● **TASK DESCRIPTION**
Each entry below is to be extracted exactly.

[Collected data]
━━━

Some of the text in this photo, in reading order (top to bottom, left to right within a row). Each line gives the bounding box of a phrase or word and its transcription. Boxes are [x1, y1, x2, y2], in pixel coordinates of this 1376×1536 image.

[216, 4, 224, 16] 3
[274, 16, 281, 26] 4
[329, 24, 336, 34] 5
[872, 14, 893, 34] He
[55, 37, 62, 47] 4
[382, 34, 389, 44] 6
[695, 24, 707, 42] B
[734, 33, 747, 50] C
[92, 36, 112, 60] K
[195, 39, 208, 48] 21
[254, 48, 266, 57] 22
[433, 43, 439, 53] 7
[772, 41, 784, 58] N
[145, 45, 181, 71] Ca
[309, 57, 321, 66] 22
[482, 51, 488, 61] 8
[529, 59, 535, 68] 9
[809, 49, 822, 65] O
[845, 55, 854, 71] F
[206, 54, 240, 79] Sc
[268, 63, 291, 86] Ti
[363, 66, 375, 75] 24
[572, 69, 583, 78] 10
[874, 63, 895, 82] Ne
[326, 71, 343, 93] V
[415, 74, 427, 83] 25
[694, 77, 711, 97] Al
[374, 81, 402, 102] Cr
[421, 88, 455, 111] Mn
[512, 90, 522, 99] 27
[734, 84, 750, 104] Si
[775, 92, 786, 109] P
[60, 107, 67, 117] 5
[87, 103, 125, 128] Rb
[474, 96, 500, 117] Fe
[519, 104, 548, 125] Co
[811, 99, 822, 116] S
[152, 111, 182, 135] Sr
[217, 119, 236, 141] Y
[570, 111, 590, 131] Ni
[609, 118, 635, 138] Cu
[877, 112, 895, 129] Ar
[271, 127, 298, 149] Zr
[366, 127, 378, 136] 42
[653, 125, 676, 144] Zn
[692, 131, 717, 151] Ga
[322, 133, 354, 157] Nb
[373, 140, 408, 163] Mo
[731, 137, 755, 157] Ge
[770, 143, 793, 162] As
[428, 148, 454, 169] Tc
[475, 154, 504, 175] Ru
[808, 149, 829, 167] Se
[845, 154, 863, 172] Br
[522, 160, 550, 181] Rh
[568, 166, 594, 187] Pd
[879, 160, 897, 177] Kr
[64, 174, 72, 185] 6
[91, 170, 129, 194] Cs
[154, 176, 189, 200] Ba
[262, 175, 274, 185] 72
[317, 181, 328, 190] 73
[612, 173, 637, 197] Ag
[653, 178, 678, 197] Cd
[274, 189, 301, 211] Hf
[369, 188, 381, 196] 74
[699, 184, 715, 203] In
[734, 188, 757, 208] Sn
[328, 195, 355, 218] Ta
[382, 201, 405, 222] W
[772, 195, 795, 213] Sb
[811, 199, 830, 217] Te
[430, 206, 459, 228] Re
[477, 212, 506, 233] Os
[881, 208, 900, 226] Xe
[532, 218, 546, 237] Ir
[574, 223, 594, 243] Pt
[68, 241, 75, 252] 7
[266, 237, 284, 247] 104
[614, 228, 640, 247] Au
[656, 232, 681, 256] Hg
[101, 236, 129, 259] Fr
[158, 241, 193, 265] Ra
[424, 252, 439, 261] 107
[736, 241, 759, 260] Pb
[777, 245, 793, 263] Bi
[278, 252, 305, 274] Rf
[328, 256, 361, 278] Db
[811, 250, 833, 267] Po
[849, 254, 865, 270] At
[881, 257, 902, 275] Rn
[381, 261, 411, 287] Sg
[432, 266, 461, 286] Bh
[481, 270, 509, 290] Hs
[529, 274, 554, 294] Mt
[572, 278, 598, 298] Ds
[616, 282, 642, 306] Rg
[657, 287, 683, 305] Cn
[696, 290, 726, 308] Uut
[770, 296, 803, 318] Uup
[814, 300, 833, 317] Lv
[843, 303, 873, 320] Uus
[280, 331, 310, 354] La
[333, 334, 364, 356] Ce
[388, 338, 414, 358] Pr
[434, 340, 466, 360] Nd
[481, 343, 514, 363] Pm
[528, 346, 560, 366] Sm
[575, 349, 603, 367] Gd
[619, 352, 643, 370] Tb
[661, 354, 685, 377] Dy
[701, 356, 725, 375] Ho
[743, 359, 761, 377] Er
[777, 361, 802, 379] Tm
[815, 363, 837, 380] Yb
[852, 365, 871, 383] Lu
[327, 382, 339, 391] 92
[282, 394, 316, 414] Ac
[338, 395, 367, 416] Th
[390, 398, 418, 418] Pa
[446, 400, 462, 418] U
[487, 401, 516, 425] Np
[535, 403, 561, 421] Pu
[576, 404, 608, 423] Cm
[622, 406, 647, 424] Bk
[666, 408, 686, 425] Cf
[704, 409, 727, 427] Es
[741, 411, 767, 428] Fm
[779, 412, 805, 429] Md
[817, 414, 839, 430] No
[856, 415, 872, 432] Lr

━━━

● **SOLUTION TO THE EXERCISE**
Some of the text in this photo, in reading order (top to bottom, left to right within a row). Each line gives the bounding box of a phrase or word and its transcription. Boxes are [x1, y1, x2, y2], in pixel coordinates of this 1376×1536 image.

[216, 4, 224, 16] 3
[274, 16, 281, 26] 4
[329, 24, 336, 34] 5
[872, 14, 893, 34] He
[55, 37, 62, 47] 4
[382, 34, 389, 44] 6
[695, 24, 707, 42] B
[734, 33, 747, 50] C
[92, 36, 112, 60] K
[195, 39, 208, 48] 21
[254, 48, 266, 57] 22
[433, 43, 439, 53] 7
[772, 41, 784, 58] N
[145, 45, 181, 71] Ca
[309, 57, 321, 66] 22
[482, 51, 488, 61] 8
[529, 59, 535, 68] 9
[809, 49, 822, 65] O
[845, 55, 854, 71] F
[206, 54, 240, 79] Sc
[268, 63, 291, 86] Ti
[363, 66, 375, 75] 24
[572, 69, 583, 78] 10
[874, 63, 895, 82] Ne
[326, 71, 343, 93] V
[415, 74, 427, 83] 25
[694, 77, 711, 97] Al
[374, 81, 402, 102] Cr
[421, 88, 455, 111] Mn
[512, 90, 522, 99] 27
[734, 84, 750, 104] Si
[775, 92, 786, 109] P
[60, 107, 67, 117] 5
[87, 103, 125, 128] Rb
[474, 96, 500, 117] Fe
[519, 104, 548, 125] Co
[811, 99, 822, 116] S
[152, 111, 182, 135] Sr
[217, 119, 236, 141] Y
[570, 111, 590, 131] Ni
[609, 118, 635, 138] Cu
[877, 112, 895, 129] Ar
[271, 127, 298, 149] Zr
[366, 127, 378, 136] 42
[653, 125, 676, 144] Zn
[692, 131, 717, 151] Ga
[322, 133, 354, 157] Nb
[373, 140, 408, 163] Mo
[731, 137, 755, 157] Ge
[770, 143, 793, 162] As
[428, 148, 454, 169] Tc
[475, 154, 504, 175] Ru
[808, 149, 829, 167] Se
[845, 154, 863, 172] Br
[522, 160, 550, 181] Rh
[568, 166, 594, 187] Pd
[879, 160, 897, 177] Kr
[64, 174, 72, 185] 6
[91, 170, 129, 194] Cs
[154, 176, 189, 200] Ba
[262, 175, 274, 185] 72
[317, 181, 328, 190] 73
[612, 173, 637, 197] Ag
[653, 178, 678, 197] Cd
[274, 189, 301, 211] Hf
[369, 188, 381, 196] 74
[699, 184, 715, 203] In
[734, 188, 757, 208] Sn
[328, 195, 355, 218] Ta
[382, 201, 405, 222] W
[772, 195, 795, 213] Sb
[811, 199, 830, 217] Te
[430, 206, 459, 228] Re
[477, 212, 506, 233] Os
[881, 208, 900, 226] Xe
[532, 218, 546, 237] Ir
[574, 223, 594, 243] Pt
[68, 241, 75, 252] 7
[266, 237, 284, 247] 104
[614, 228, 640, 247] Au
[656, 232, 681, 256] Hg
[101, 236, 129, 259] Fr
[158, 241, 193, 265] Ra
[424, 252, 439, 261] 107
[736, 241, 759, 260] Pb
[777, 245, 793, 263] Bi
[278, 252, 305, 274] Rf
[328, 256, 361, 278] Db
[811, 250, 833, 267] Po
[849, 254, 865, 270] At
[881, 257, 902, 275] Rn
[381, 261, 411, 287] Sg
[432, 266, 461, 286] Bh
[481, 270, 509, 290] Hs
[529, 274, 554, 294] Mt
[572, 278, 598, 298] Ds
[616, 282, 642, 306] Rg
[657, 287, 683, 305] Cn
[696, 290, 726, 308] Uut
[770, 296, 803, 318] Uup
[814, 300, 833, 317] Lv
[843, 303, 873, 320] Uus
[280, 331, 310, 354] La
[333, 334, 364, 356] Ce
[388, 338, 414, 358] Pr
[434, 340, 466, 360] Nd
[481, 343, 514, 363] Pm
[528, 346, 560, 366] Sm
[575, 349, 603, 367] Gd
[619, 352, 643, 370] Tb
[661, 354, 685, 377] Dy
[701, 356, 725, 375] Ho
[743, 359, 761, 377] Er
[777, 361, 802, 379] Tm
[815, 363, 837, 380] Yb
[852, 365, 871, 383] Lu
[327, 382, 339, 391] 92
[282, 394, 316, 414] Ac
[338, 395, 367, 416] Th
[390, 398, 418, 418] Pa
[446, 400, 462, 418] U
[487, 401, 516, 425] Np
[535, 403, 561, 421] Pu
[576, 404, 608, 423] Cm
[622, 406, 647, 424] Bk
[666, 408, 686, 425] Cf
[704, 409, 727, 427] Es
[741, 411, 767, 428] Fm
[779, 412, 805, 429] Md
[817, 414, 839, 430] No
[856, 415, 872, 432] Lr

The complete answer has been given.